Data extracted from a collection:
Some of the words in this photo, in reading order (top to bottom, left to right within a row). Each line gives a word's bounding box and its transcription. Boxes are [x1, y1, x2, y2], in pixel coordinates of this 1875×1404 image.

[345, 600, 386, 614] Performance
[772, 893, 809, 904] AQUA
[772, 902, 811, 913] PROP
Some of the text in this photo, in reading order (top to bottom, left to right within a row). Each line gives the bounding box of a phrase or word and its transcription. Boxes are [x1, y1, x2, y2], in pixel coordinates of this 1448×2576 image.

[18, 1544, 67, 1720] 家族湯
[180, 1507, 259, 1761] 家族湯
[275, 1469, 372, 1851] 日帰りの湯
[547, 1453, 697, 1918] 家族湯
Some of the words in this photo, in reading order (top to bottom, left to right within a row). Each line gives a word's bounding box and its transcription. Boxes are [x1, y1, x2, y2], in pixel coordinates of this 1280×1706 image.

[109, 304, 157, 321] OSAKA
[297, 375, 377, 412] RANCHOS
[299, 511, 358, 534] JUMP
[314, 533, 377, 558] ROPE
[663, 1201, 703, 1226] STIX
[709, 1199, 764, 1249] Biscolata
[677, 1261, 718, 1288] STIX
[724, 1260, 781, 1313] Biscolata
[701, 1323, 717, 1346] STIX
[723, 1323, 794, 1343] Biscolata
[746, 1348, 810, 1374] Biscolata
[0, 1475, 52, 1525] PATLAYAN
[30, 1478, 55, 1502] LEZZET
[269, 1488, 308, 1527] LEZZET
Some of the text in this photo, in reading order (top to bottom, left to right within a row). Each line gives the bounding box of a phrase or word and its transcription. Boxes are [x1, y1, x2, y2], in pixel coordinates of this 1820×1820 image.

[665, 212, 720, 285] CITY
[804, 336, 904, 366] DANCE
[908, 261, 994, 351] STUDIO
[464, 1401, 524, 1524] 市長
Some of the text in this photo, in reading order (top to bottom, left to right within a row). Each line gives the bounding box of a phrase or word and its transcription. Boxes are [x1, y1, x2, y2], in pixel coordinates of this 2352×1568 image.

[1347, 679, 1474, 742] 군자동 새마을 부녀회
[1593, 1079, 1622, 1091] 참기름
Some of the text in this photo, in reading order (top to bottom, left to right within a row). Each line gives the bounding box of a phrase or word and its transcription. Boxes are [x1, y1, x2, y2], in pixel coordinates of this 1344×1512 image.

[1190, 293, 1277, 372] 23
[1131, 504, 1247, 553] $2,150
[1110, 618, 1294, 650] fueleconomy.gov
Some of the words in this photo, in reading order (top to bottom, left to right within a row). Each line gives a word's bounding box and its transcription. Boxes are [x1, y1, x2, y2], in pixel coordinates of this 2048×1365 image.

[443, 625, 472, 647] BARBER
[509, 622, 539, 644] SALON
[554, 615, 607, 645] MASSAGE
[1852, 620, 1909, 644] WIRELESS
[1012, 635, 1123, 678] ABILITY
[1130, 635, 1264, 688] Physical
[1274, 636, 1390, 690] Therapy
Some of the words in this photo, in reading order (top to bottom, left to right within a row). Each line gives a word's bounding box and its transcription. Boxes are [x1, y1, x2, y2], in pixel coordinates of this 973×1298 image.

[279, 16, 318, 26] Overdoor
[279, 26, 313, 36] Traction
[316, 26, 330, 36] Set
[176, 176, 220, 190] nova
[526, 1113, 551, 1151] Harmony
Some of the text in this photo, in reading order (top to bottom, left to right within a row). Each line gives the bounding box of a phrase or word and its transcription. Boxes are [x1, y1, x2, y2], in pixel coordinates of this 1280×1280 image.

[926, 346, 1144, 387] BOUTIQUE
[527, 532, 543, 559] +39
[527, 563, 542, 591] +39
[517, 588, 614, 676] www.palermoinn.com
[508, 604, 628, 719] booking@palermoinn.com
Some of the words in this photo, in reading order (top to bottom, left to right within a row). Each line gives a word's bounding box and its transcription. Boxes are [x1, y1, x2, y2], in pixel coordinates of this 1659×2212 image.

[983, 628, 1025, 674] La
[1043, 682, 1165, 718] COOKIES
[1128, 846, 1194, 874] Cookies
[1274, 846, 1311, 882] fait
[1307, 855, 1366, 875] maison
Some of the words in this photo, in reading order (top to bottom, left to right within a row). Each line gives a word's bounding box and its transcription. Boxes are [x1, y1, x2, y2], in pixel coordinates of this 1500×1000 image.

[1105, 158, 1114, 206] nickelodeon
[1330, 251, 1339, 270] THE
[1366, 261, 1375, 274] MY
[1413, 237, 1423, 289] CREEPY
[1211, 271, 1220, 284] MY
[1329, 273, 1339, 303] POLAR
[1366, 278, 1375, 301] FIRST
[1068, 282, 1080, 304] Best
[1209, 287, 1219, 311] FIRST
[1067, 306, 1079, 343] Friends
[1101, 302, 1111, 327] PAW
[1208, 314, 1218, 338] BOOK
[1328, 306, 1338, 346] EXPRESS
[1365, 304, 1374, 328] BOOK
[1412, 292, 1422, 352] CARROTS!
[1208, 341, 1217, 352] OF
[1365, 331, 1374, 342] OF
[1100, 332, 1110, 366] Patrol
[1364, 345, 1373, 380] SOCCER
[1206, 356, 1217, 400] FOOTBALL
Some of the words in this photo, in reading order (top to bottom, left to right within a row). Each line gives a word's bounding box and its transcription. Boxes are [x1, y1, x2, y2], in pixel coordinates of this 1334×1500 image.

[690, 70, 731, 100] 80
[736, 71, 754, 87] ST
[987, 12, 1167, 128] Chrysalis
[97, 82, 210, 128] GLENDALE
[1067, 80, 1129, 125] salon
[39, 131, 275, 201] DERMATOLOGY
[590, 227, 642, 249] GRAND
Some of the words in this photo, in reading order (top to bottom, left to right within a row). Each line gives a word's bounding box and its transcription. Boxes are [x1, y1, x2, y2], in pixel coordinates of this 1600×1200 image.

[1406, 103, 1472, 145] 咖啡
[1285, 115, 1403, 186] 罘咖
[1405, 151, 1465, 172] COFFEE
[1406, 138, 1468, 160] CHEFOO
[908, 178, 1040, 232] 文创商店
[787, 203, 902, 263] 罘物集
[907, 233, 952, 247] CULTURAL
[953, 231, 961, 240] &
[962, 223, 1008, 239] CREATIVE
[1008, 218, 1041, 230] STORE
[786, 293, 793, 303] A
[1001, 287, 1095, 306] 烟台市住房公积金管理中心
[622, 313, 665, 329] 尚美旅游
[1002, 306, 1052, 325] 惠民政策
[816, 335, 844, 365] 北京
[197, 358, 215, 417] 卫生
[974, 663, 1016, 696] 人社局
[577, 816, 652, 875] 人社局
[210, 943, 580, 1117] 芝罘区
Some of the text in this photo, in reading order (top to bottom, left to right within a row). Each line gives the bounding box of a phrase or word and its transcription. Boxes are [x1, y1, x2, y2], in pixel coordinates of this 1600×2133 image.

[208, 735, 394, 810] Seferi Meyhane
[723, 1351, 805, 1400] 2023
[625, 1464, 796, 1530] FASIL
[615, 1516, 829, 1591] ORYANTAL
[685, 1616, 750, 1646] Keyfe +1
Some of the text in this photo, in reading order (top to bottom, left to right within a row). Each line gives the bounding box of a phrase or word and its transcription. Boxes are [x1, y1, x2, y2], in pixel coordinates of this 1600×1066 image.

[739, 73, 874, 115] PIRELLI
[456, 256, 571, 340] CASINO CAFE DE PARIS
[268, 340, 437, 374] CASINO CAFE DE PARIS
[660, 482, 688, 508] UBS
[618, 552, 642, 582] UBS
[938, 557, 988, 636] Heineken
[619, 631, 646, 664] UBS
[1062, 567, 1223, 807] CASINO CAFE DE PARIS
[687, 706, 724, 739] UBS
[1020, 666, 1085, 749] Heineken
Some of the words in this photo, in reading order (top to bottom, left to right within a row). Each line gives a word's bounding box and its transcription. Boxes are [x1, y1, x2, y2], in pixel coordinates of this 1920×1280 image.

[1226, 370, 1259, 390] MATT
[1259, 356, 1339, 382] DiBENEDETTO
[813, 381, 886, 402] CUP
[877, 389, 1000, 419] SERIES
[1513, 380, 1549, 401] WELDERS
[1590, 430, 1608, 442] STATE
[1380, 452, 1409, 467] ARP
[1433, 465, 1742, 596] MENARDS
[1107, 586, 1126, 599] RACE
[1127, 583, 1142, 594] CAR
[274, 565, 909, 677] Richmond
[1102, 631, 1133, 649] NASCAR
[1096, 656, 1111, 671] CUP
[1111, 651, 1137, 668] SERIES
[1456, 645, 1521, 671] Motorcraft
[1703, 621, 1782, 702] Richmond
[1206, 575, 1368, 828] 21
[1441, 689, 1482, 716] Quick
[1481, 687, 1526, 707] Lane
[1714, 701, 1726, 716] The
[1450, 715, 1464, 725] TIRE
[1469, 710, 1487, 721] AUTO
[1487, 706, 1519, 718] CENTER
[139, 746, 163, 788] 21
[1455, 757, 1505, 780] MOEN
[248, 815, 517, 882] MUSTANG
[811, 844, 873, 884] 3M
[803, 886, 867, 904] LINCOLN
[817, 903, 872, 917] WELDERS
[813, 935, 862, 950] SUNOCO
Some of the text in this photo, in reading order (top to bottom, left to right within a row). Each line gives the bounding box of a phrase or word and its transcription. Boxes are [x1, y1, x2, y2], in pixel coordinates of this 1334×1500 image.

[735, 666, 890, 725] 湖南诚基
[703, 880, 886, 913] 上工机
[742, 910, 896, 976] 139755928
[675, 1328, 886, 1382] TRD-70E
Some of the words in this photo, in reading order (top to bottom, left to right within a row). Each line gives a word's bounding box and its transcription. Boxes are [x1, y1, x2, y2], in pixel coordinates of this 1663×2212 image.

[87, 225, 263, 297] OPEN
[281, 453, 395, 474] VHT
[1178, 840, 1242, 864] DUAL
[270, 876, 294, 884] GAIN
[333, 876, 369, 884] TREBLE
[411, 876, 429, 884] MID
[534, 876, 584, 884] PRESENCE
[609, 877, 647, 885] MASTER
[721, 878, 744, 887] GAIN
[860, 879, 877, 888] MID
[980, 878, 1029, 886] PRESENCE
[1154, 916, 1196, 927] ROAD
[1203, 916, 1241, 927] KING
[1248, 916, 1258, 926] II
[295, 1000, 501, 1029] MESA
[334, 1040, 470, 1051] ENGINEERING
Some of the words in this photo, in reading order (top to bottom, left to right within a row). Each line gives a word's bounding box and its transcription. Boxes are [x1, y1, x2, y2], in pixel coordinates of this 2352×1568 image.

# [Instructions to follow]
Starting at the line with "this 1663×2212 image.", copy every line down to the last one above, exactly as written and with nothing else.

# [Output below]
Some of the words in this photo, in reading order (top to bottom, left to right within a row). Each line gives a word's bounding box and its transcription. Boxes are [x1, y1, x2, y2], in pixel coordinates of this 1663×2212 image.

[87, 225, 263, 297] OPEN
[281, 453, 395, 474] VHT
[1178, 840, 1242, 864] DUAL
[270, 876, 294, 884] GAIN
[333, 876, 369, 884] TREBLE
[411, 876, 429, 884] MID
[534, 876, 584, 884] PRESENCE
[609, 877, 647, 885] MASTER
[721, 878, 744, 887] GAIN
[860, 879, 877, 888] MID
[980, 878, 1029, 886] PRESENCE
[1154, 916, 1196, 927] ROAD
[1203, 916, 1241, 927] KING
[1248, 916, 1258, 926] II
[295, 1000, 501, 1029] MESA
[334, 1040, 470, 1051] ENGINEERING
Some of the words in this photo, in reading order (top to bottom, left to right within a row). Each line gives a word's bounding box and its transcription. Boxes are [x1, y1, x2, y2], in pixel coordinates of this 2352×1568 image.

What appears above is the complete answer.